Book Review: Can We Avoid Another Financial Crisis?


Professor Steve Keen, the well-known critic of mainstream economics and professor at Kingston University, published Can We Avoid Another Financial Crisis? His argument that unsustainable private debt dynamics make a future crisis of some sort inevitable; and the biases of mainstream economics helps ensure that little useful will be done to prevent this outcome. The book offers an overview of his economic theories, which are somewhat distinct niche within the heterodox tradition. Although the book is interesting, I have some reservations about his strategy vis-à-vis mainstream economics within the book.

Book Description

Polity Press published the book in 2017, and the paperback edition is a brief 129 pages (excluding end matter). The book consists of six chapters:
  1. From Triumph to Crisis in Economics
  2. Microeconomics, Macroeconomics, and Complexity.
  3. The Lull and the Storm
  4. The Smoking Gun of Credit
  5. The Political Economy of Private Debt
  6. A Cynic’s Conclusion
Steve Keen is the author of Debunking Economics: The Naked Emperor Dethroned?

This review is going to discuss the book roughly in the reverse order of the chapters.

Can We Avoid A Financial Crisis?

At the risk of spoiling the punch line, Keen believes that a crisis will not be avoided. He is not attempting to predict a particular date, but argues that unsustainable debt buildups will reach a head in 2020. In his view, policymakers are following poor guidance from mainstream economics, and will not make an effective response.

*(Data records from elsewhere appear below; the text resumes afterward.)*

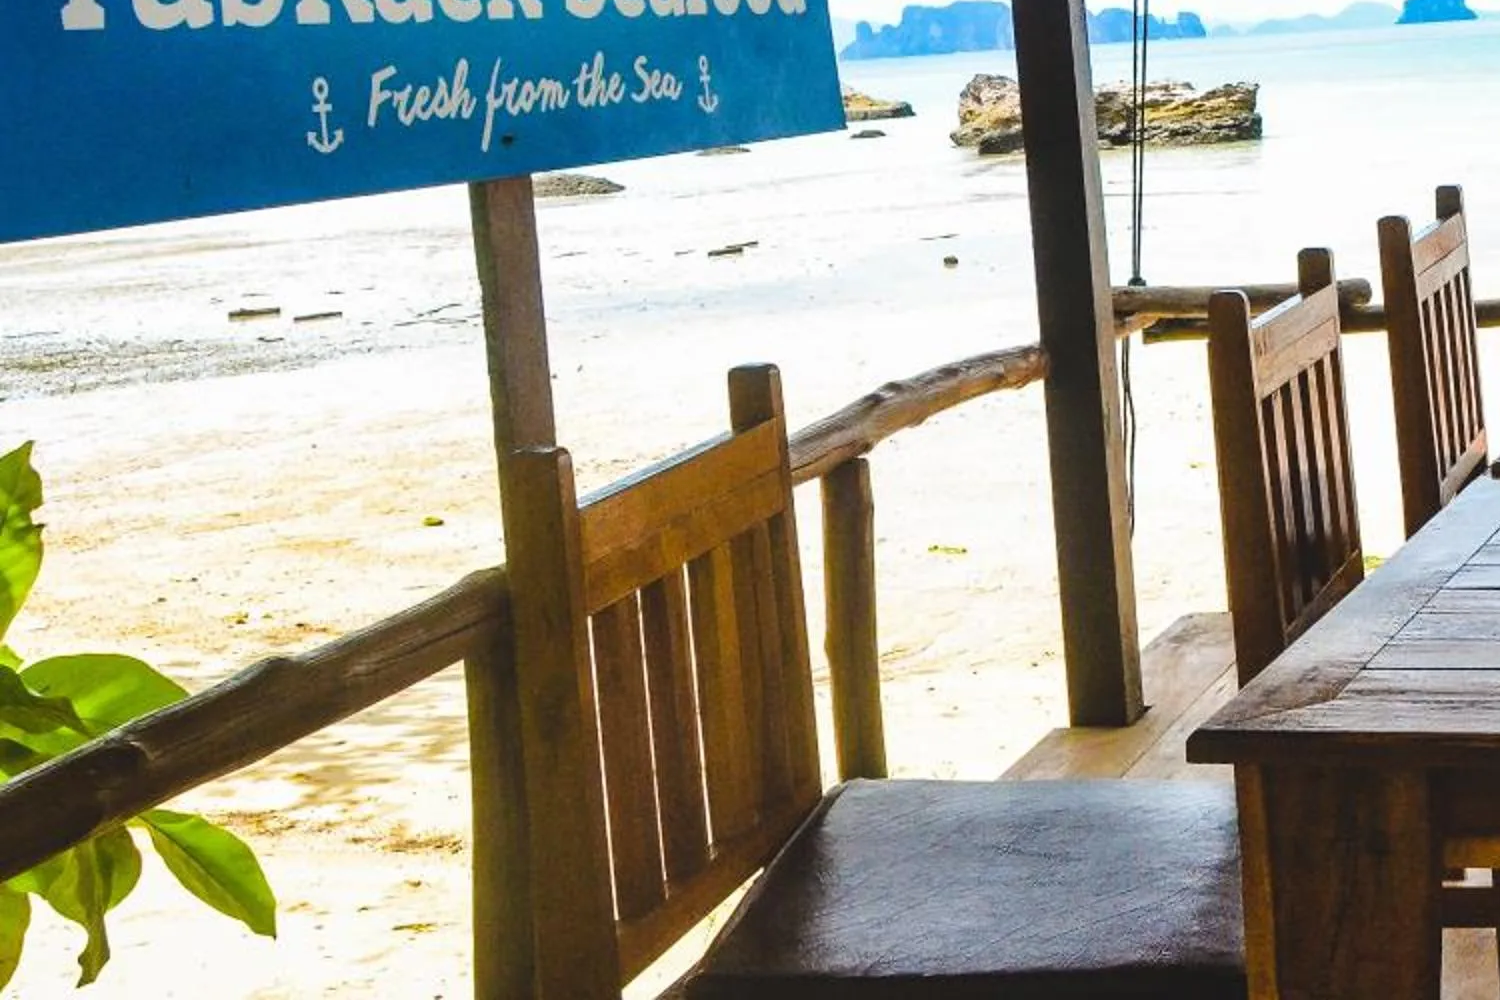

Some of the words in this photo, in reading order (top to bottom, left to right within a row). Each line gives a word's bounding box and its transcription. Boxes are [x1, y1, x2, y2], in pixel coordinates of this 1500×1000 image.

[367, 59, 477, 127] Fresh
[481, 57, 570, 152] from
[572, 51, 625, 107] the
[631, 55, 682, 102] Sea
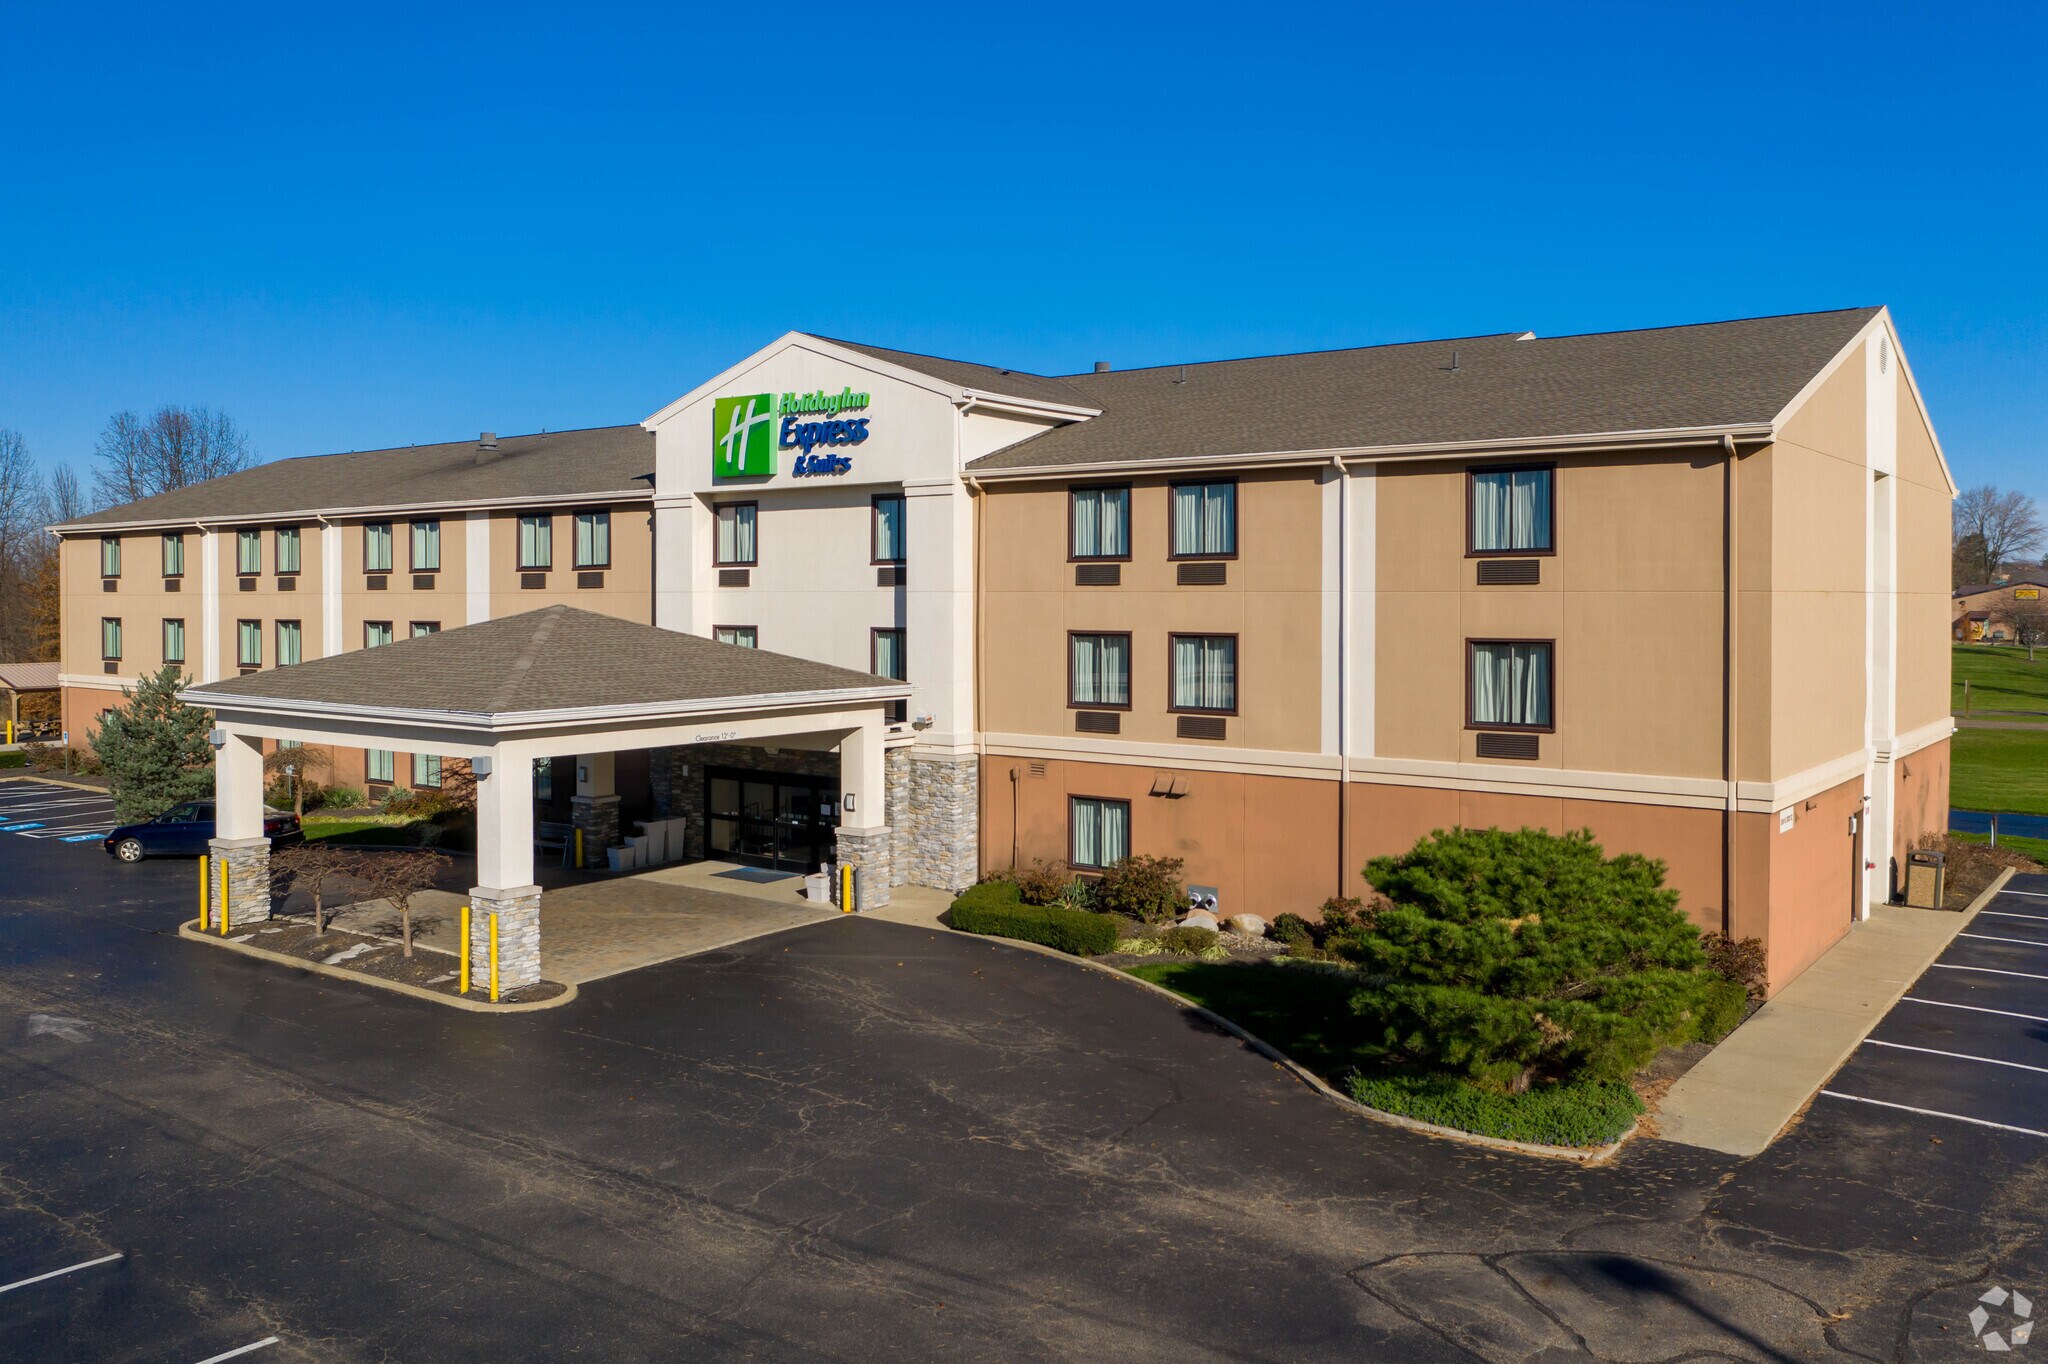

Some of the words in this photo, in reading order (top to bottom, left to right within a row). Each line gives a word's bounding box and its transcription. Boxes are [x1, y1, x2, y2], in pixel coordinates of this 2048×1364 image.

[780, 390, 841, 414] Holiday
[841, 386, 871, 408] Inn
[780, 416, 870, 453] Express
[794, 455, 807, 474] &
[807, 454, 852, 473] Suites
[695, 734, 720, 742] Clearance

The only caution I would draw from this conclusion is that the logic of Keen’s models suggests that private debt buildups will reverse, causing a slowdown, but the implications for a financial crisis are less clear (as defined by defaults cascading through the financial system).

I have my home country in Canada (which Keen views as being one of the main targets of a slowdown) as an example. It is easy to see how the spectacular pop in house prices and building activity will reverse by 2020. However, it is unclear why this will turn into a financial crisis.

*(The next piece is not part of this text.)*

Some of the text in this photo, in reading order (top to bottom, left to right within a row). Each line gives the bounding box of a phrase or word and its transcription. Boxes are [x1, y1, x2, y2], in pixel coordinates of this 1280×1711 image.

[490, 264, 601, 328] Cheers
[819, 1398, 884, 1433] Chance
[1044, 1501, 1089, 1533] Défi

Obviously, weaker links in the financial system would be culled (a process that one could argue that has started), but the core of the system is protected by CMHC guarantees, and lender-of-last-resort operations if need be. If you worked at one of the smaller non-standard landers (or were an investor in their securities), it might feel like a crisis, but it is unclear why the big banks will be discomfited by smaller competitors crashing and burning.

Looking further afield, one may note that investment bankers have filled most economic portfolio appointee positions in recent years. Although this perhaps is not attractive politically, one may note this means that governments are staffed with people with the requisite background to manage bailouts of the financial system.

The Credit Engine

The driving force for Keen’s analysis is his economic model. It was improved because of contact with post-Keynesian economists, but it appears to follow the trends of the model’s earlier iterations. The model is straightforward, consisting of a few accounting identities as well as basic behavioural relations. The dynamics suggest that the driver of growth during expansions is the tendency of private sector debt to outstrip income growth. This becomes unsustainable, and then the cycle goes into reverse. However, this is the result of the reversal of borrowing in the non-financial sector, and not necessarily a disruption in the financial sector.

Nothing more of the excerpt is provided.